To do:
The copy has to match the data exactly and leave out every picture.

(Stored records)
- - -

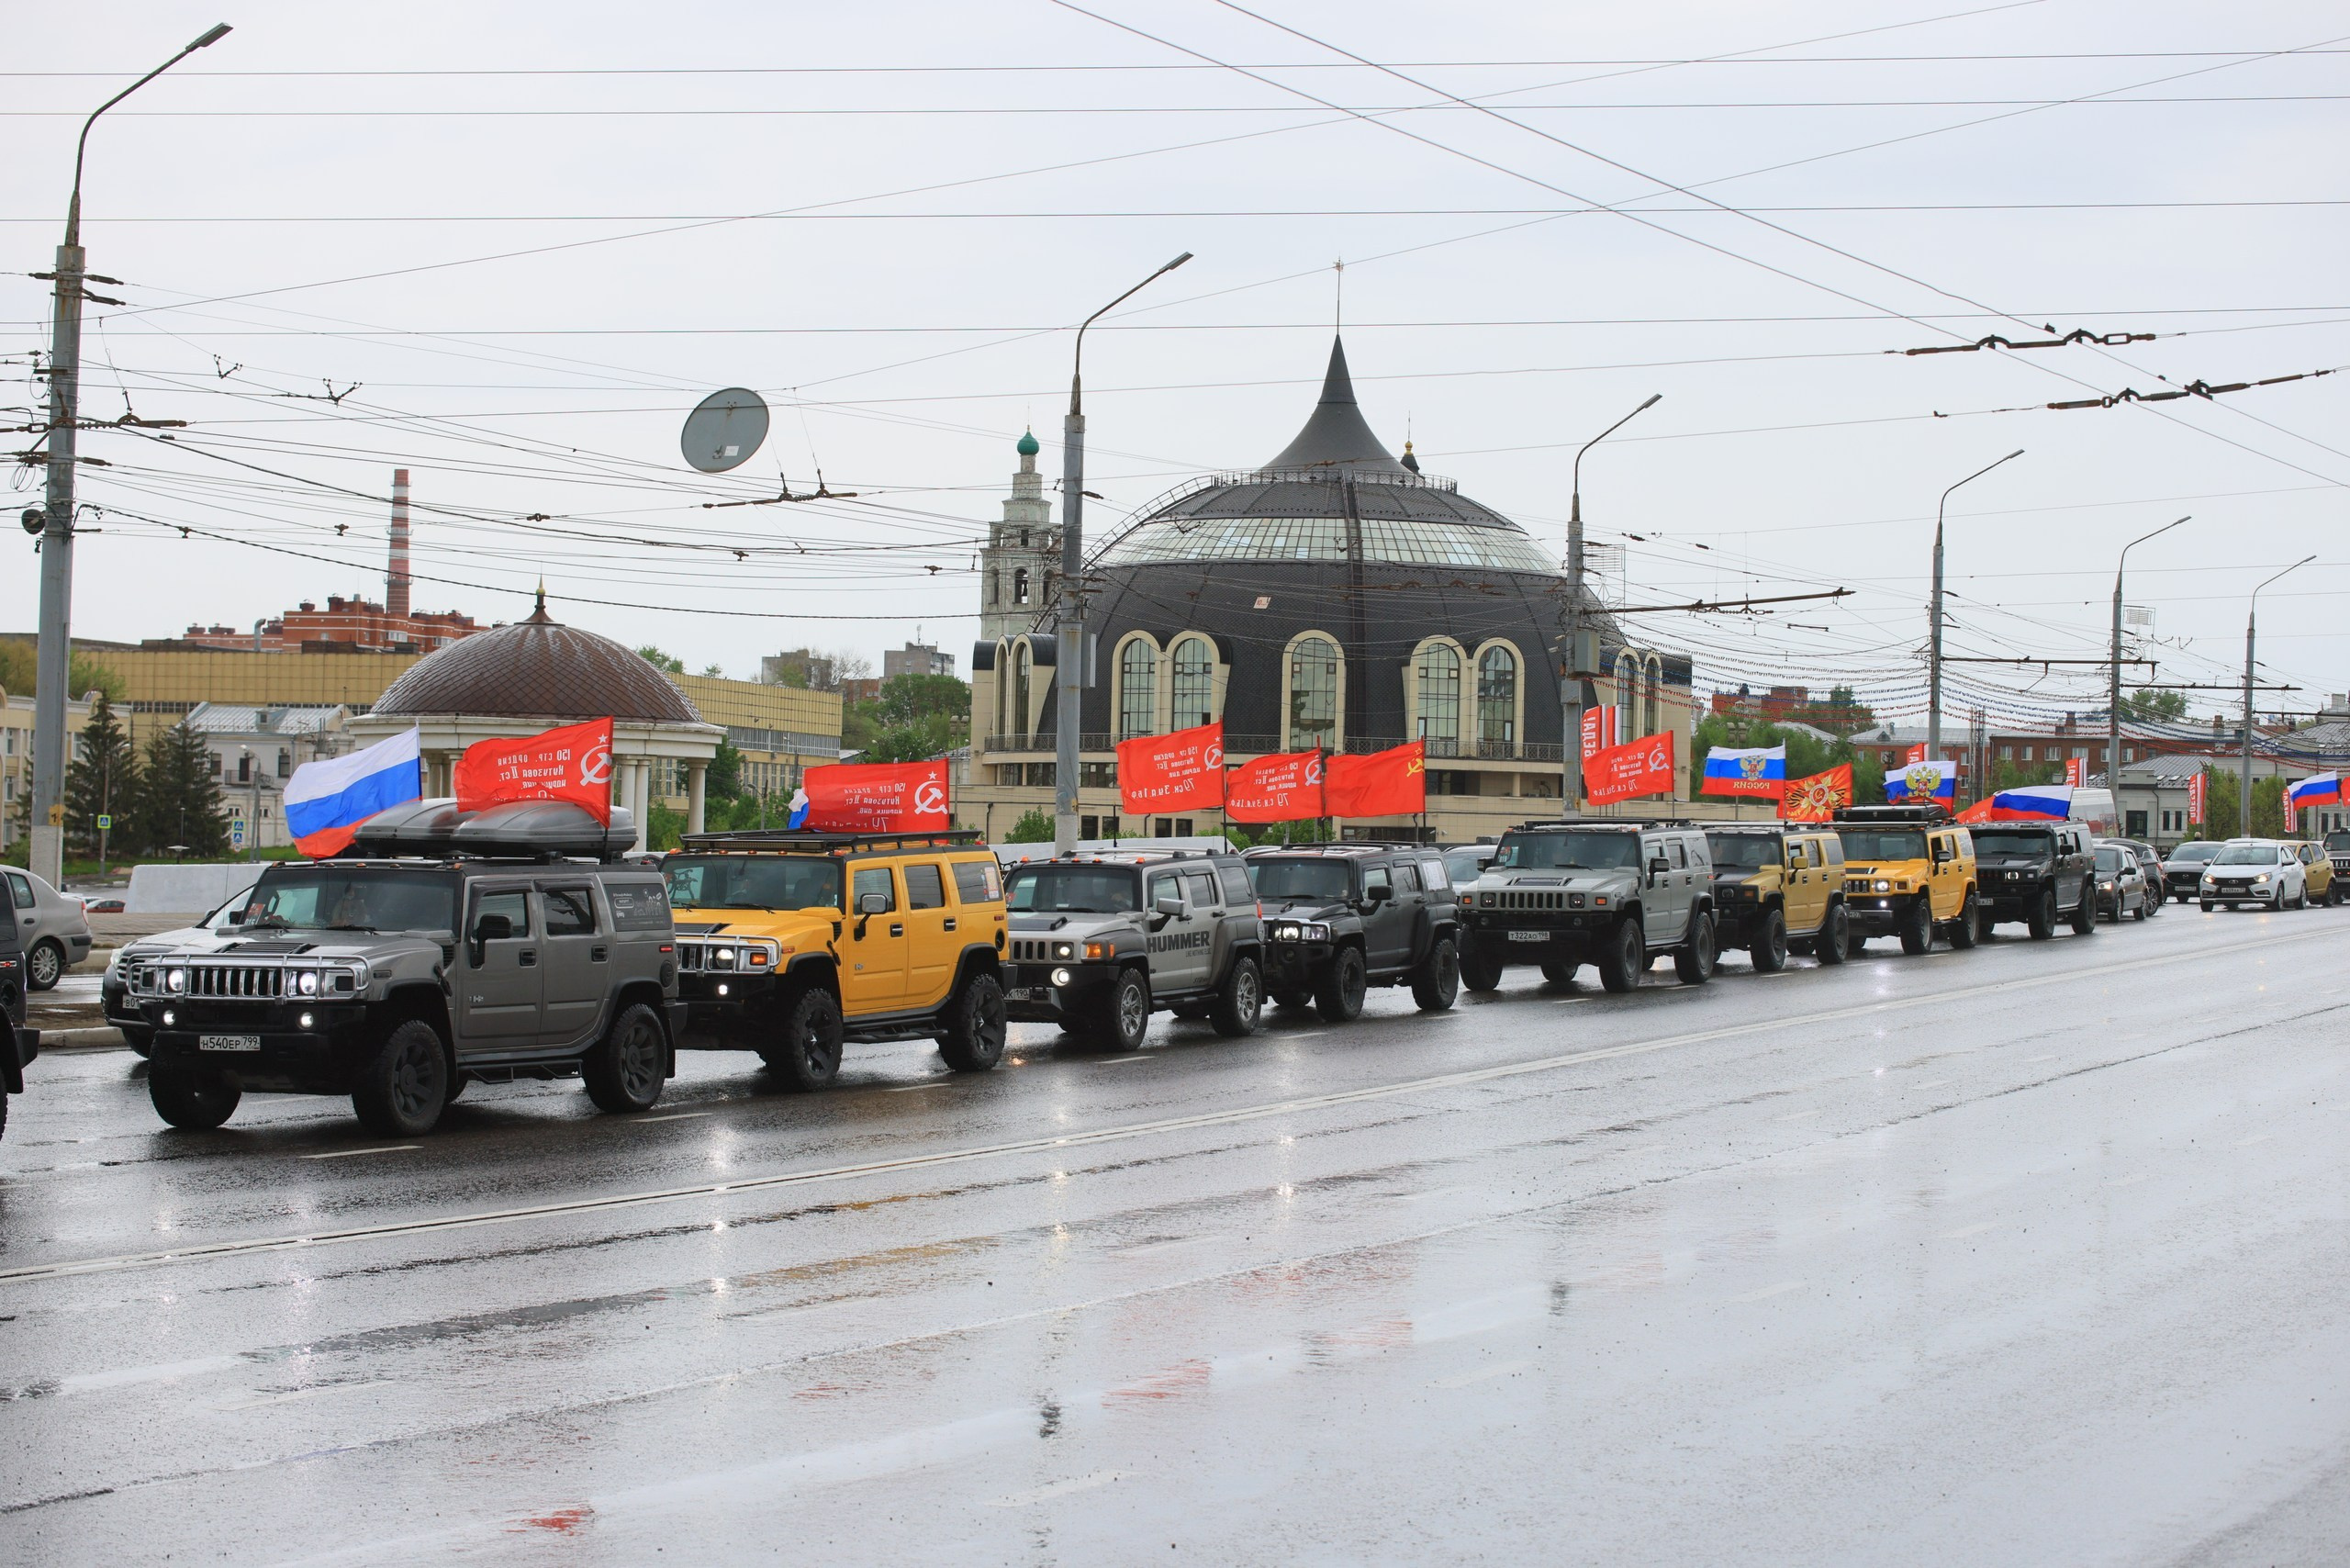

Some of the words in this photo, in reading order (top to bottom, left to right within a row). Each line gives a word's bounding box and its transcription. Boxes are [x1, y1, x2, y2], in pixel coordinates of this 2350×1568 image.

[1583, 716, 1595, 757] БЕДА!
[1147, 931, 1210, 953] HUMMER
[202, 1037, 241, 1049] Н540ЕР
[242, 1036, 258, 1046] 799

- - -

Finished exercise:
Some of the words in this photo, in reading order (top to bottom, left to right within a row). Each line gives a word's bounding box and its transcription. Boxes are [x1, y1, x2, y2], in pixel coordinates of this 2350×1568 image.

[1583, 716, 1595, 757] БЕДА!
[1147, 931, 1210, 953] HUMMER
[202, 1037, 241, 1049] Н540ЕР
[242, 1036, 258, 1046] 799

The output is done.